Auteur(s) du livre : Michel Pinçon, Monique Pinçon-Charlot
Éditeur : Seuil
978 2 02 088920 9
Publié en 2008
Première rédaction de cet article le 8 mars 2008


Depuis plusieurs ouvrages (dont le plus connu est « Dans les beaux quartiers »), Michel Pinçon et Monique Pinçon-Charlot étudient, en sociologues, la grande bourgeoisie. Des tas d'études sociologiques ont été faites sur les banlieues difficiles, sur les ouvriers, sur les chômeurs mais très peu sur la grande bourgeoisie, peut-être par acceptation aveugle du tabou comme quoi les classes sociales n'existeraient pas. Ce dernier ouvrage (car les auteurs prennent leur retraite) discute de l'occupation de l'espace et de sa défense.

Leurs sujets d'étude ne sont pas forcément faciles. Certes, les risques physiques sont plus faibles que lorsqu'on va étudier les délinquants de banlieue. Et on mange mieux lorsqu'on enquête au Jockey Club. Mais cela ne rend pas forcément l'enquête plus facile, face à des interlocuteurs qui, eux aussi, ont lu Bourdieu, et sont rompus à l'art difficile de se montrer sous son meilleur jour, tout le temps.

Dans ce livre, les deux auteurs s'attaquent plus particulièrement à la gestion de l'espace par la grande bourgeoisie. Si on reproche aux immigrés de vivre dans des ghettos, que dire de cette classe dont l'étude du Bottin mondain montre que ses membres ne vivent que dans trois arrondissements de Paris (7, 8 et 16), sans compter évidemment le vingt-et-unième ? À les fois très cosmopolites (le monde est leur terrain de jeu depuis toujours) et très attachés à leurs territoires, les sujets de l'étude mettent en œuvre tous les moyens à leur disposition pour rester entre eux et ne pas permettre de mélanges avec d'autres classes sociales. Leur dévouement militant, lorsque ce territoire est menacé, n'a rien à envier à la rage du caïd de banlieue s'opposant au passage dans « sa » cité d'autres exclus venus d'une cité différente...
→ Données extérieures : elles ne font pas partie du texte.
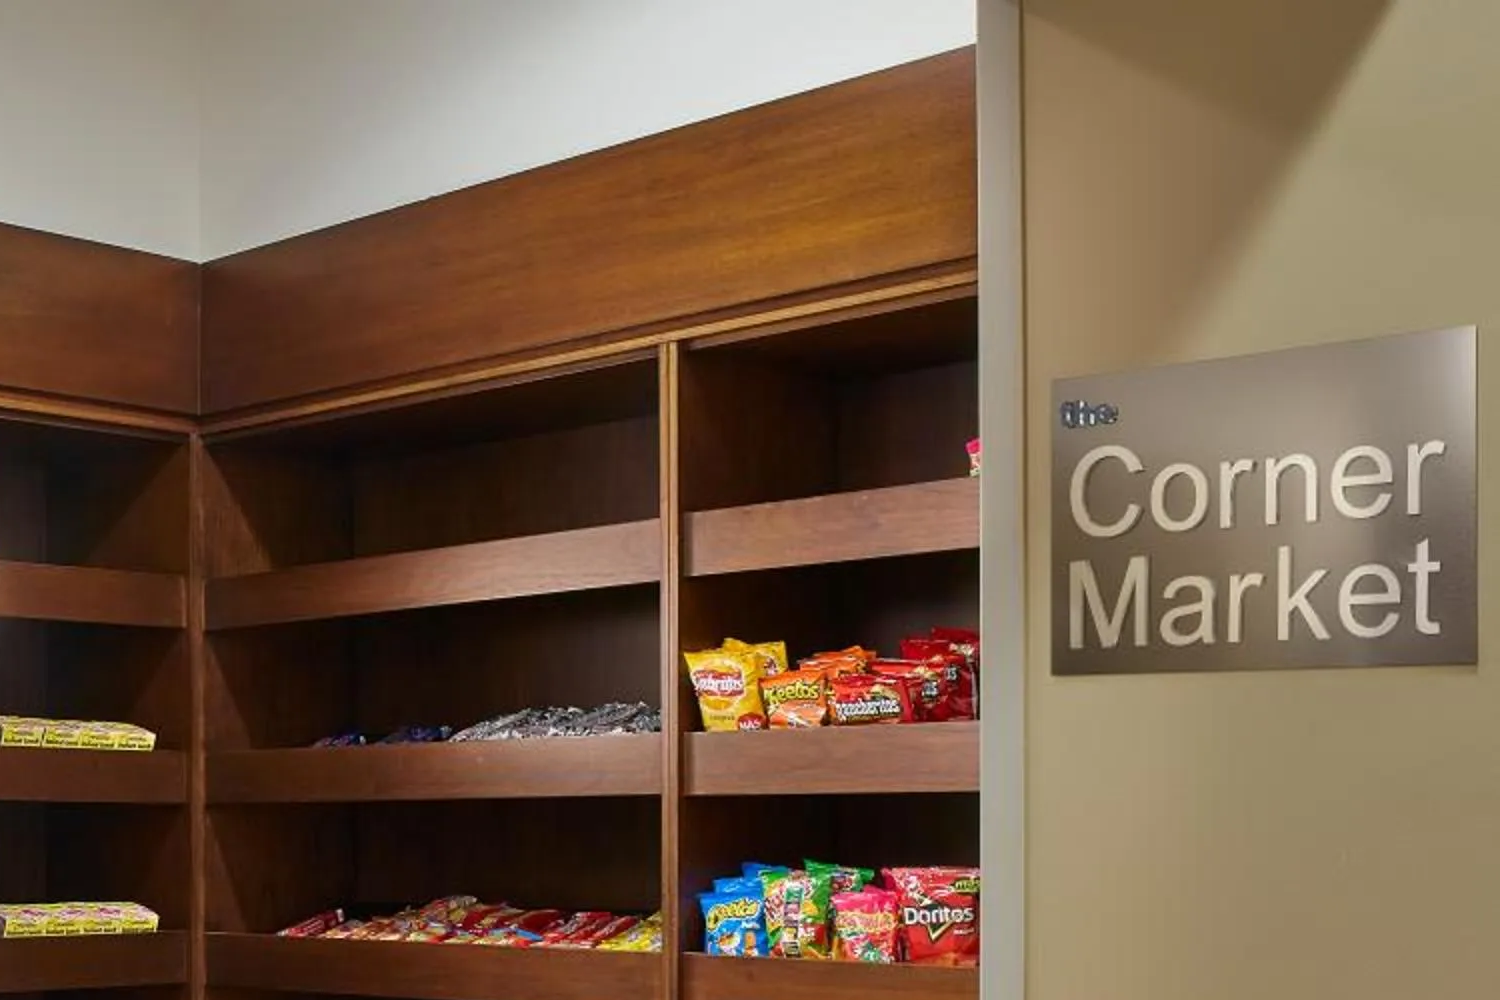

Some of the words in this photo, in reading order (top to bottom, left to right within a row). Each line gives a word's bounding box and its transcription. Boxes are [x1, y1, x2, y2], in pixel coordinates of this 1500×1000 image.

Le seul jeu du marché, et les prix de l'immobilier qu'il entraine, sont déjà un bon moyen de limiter la mixité sociale. Encore faut-il veiller à ce que les politiques publiques ne contrarient pas trop ce marché. C'est alors que rentre en jeu le travail d'influence, rarement public, pour s'assurer qu'aucune loi n'aura de conséquences trop graves. C'est ainsi que la loi SRU a certes été votée (elle impose notamment un minimum de 20 % de logements sociaux par commune) mais est systématiquement violée, les sanctions étant bien trop faibles (Neuilly n'a ainsi que 2,6 % de logements sociaux).

Cette occupation de l'espace est particulièrement nette dans le cas du Bois de Boulogne, qui fait l'objet d'un article étonnant du livre. Une partie de cet espace public est en effet réservée depuis des dizaines d'années à un petit nombre de clubs ultra-fermés, où on n'entre que par cooptation, comme le Cercle du Bois de Boulogne ou le Polo de Paris.

Comment se pratique cette défense du territoire ? Pas de manifestations dans la rue, pas de voitures brûlées, même pas de complot international où de mystérieux financiers apatrides tireraient les ficelles. Non, c'est beaucoup plus simple, montrent nos deux sociologues. Ce monde est irrigué par un intense réseau de sociabilité. On dine ensemble à l'Interallié ou lors d'une réception chez l'un ou l'autre, on prend des vacances dans les mêmes palaces, à Gstaad ou à Marrakech et les problèmes sont réglés entre gens du même monde, discrètement. Il y a certes de nombreux conflits internes (l'associations de grands bourgeois qui s'oppose à une autoroute urbaine peut compter dans ses membres des actionnaires de Renault ou de Vinci...) mais la plupart se règlent « entre soi ».

Bref, un livre qui donne envie d'être riche, pour pouvoir profiter d'une telle entraide, et de territoires protégés, défendus avec une bonne conscience en béton : les quartiers où ils vivent étant souvent historiquement importants, ils ne défendent pas leurs intérêts, non, ils protègent le patrimoine national...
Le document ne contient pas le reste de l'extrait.